> ACTIVITY: Below this task are records; return each one exactly and omit its images.

== Segment start ==

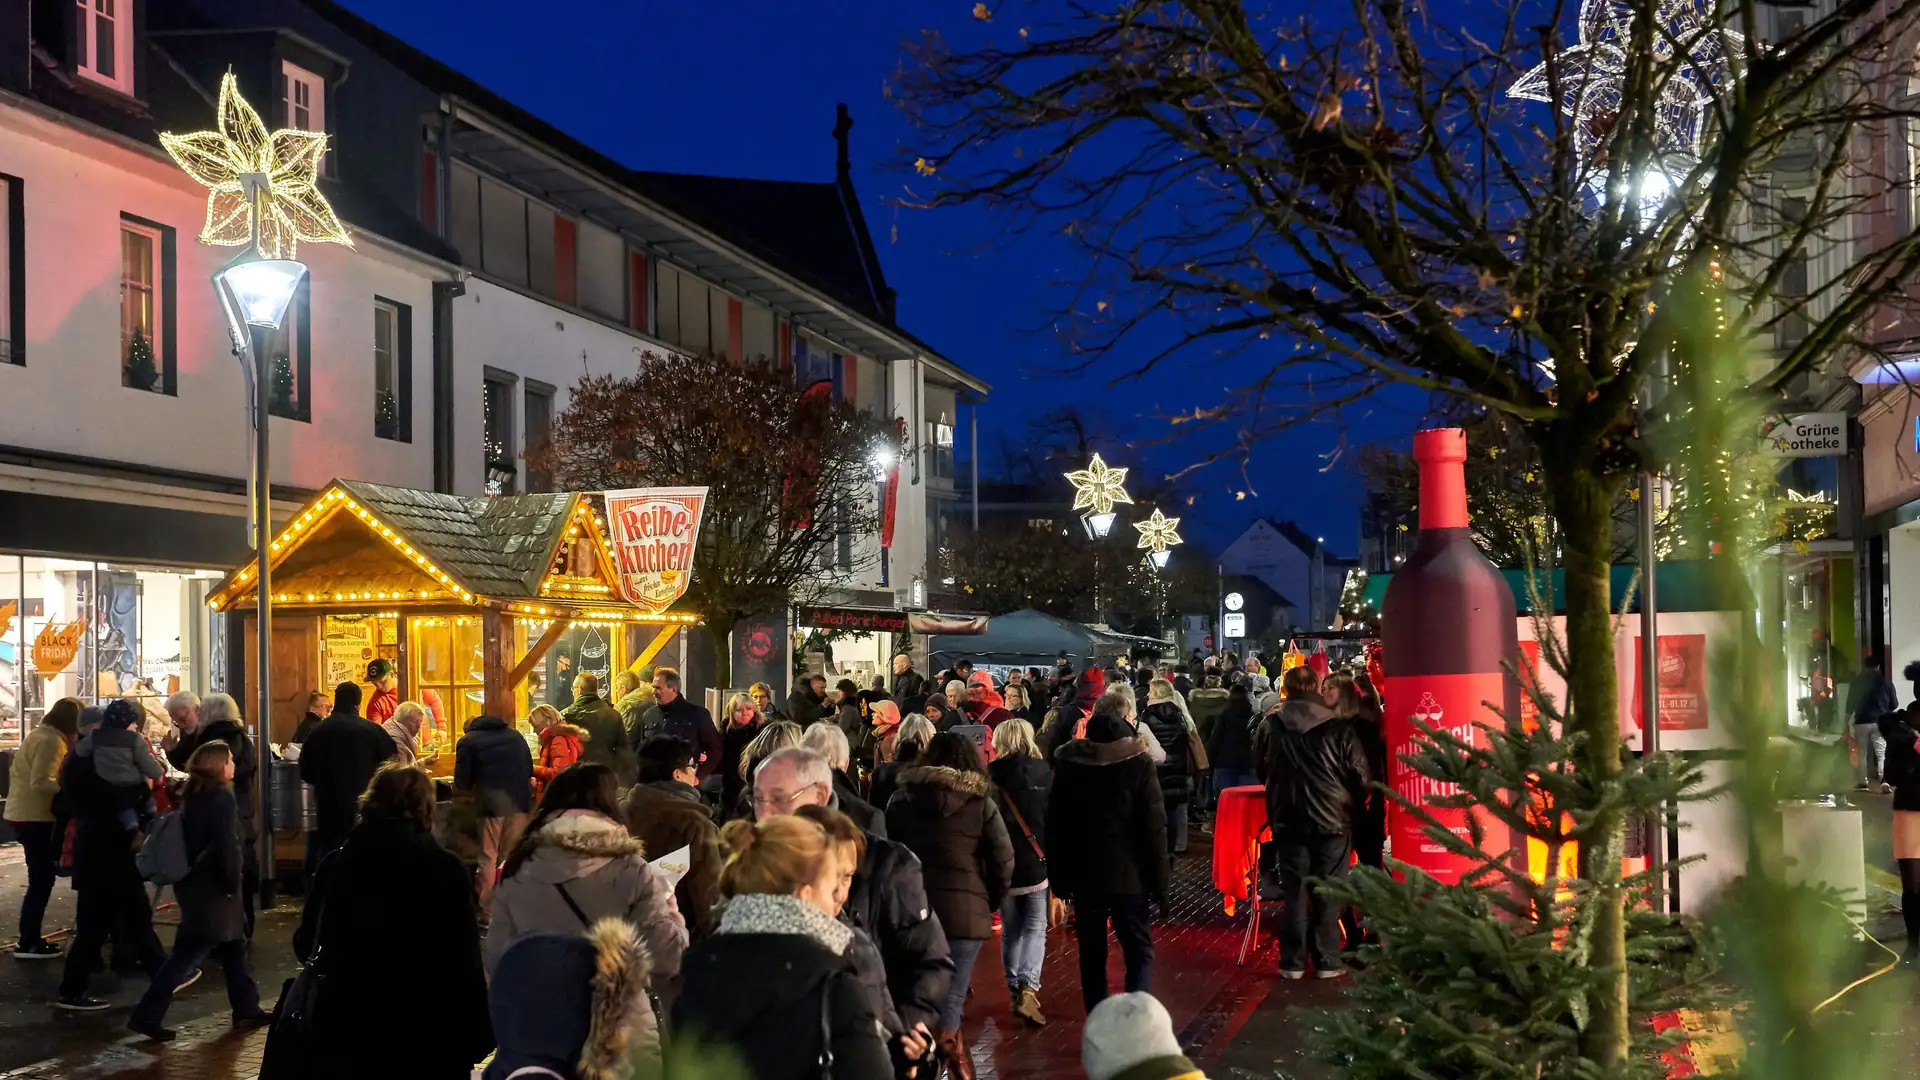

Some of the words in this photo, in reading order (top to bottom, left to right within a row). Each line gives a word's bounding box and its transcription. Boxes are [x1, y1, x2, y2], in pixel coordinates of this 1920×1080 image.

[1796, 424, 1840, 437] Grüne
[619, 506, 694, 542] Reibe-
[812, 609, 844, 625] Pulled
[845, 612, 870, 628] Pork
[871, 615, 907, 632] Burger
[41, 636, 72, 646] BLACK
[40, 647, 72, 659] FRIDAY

== Segment end ==

> RESPONSE BELOW:
Some of the words in this photo, in reading order (top to bottom, left to right within a row). Each line gives a word's bounding box and its transcription. Boxes are [x1, y1, x2, y2], in pixel coordinates of this 1920×1080 image.

[1796, 424, 1840, 437] Grüne
[619, 506, 694, 542] Reibe-
[812, 609, 844, 625] Pulled
[845, 612, 870, 628] Pork
[871, 615, 907, 632] Burger
[41, 636, 72, 646] BLACK
[40, 647, 72, 659] FRIDAY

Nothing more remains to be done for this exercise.